Segment Start: RECORDS FOR THE EXERCISE

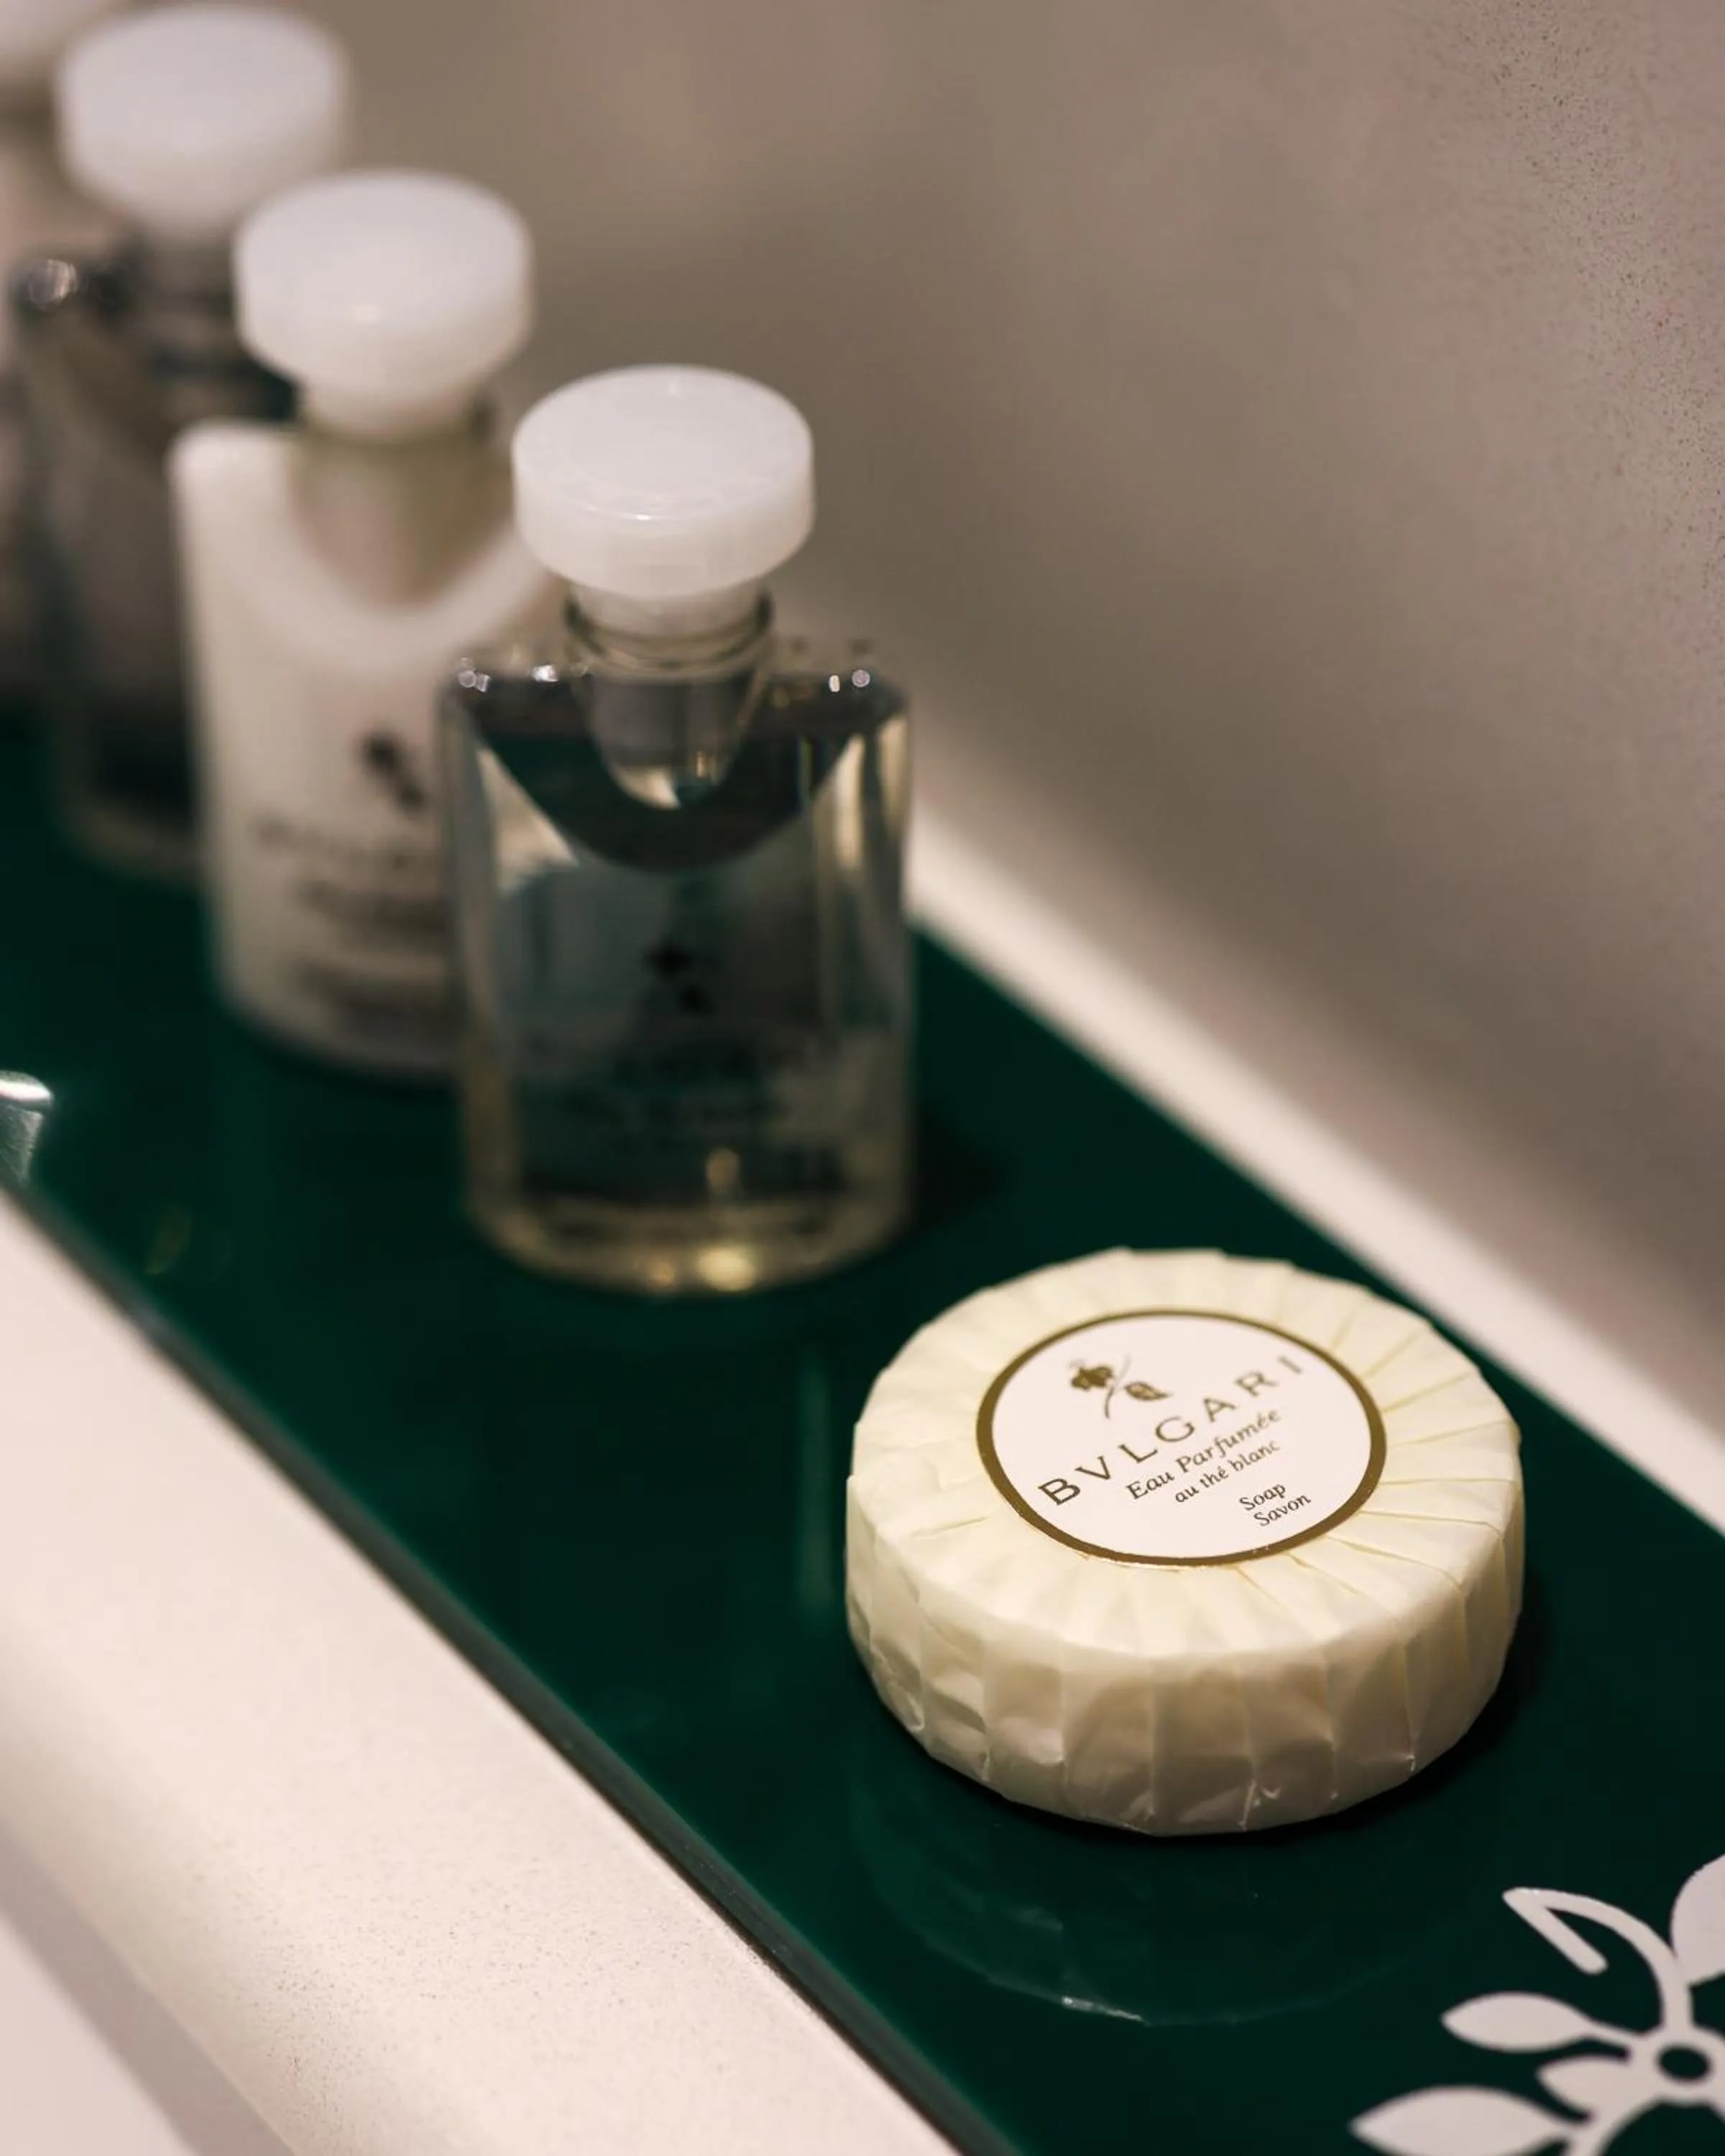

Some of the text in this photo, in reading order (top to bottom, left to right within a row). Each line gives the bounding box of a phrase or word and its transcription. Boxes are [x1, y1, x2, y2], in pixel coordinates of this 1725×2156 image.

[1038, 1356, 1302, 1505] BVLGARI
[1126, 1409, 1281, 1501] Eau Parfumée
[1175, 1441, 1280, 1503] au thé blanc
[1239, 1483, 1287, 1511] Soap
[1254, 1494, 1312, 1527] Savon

Segment End: RECORDS FOR THE EXERCISE

# [EXERCISE OBJECTIVE]
Pictures stay out, and every line of the records is transcribed exactly.

# [SOLUTION]
Some of the text in this photo, in reading order (top to bottom, left to right within a row). Each line gives the bounding box of a phrase or word and its transcription. Boxes are [x1, y1, x2, y2], in pixel coordinates of this 1725×2156 image.

[1038, 1356, 1302, 1505] BVLGARI
[1126, 1409, 1281, 1501] Eau Parfumée
[1175, 1441, 1280, 1503] au thé blanc
[1239, 1483, 1287, 1511] Soap
[1254, 1494, 1312, 1527] Savon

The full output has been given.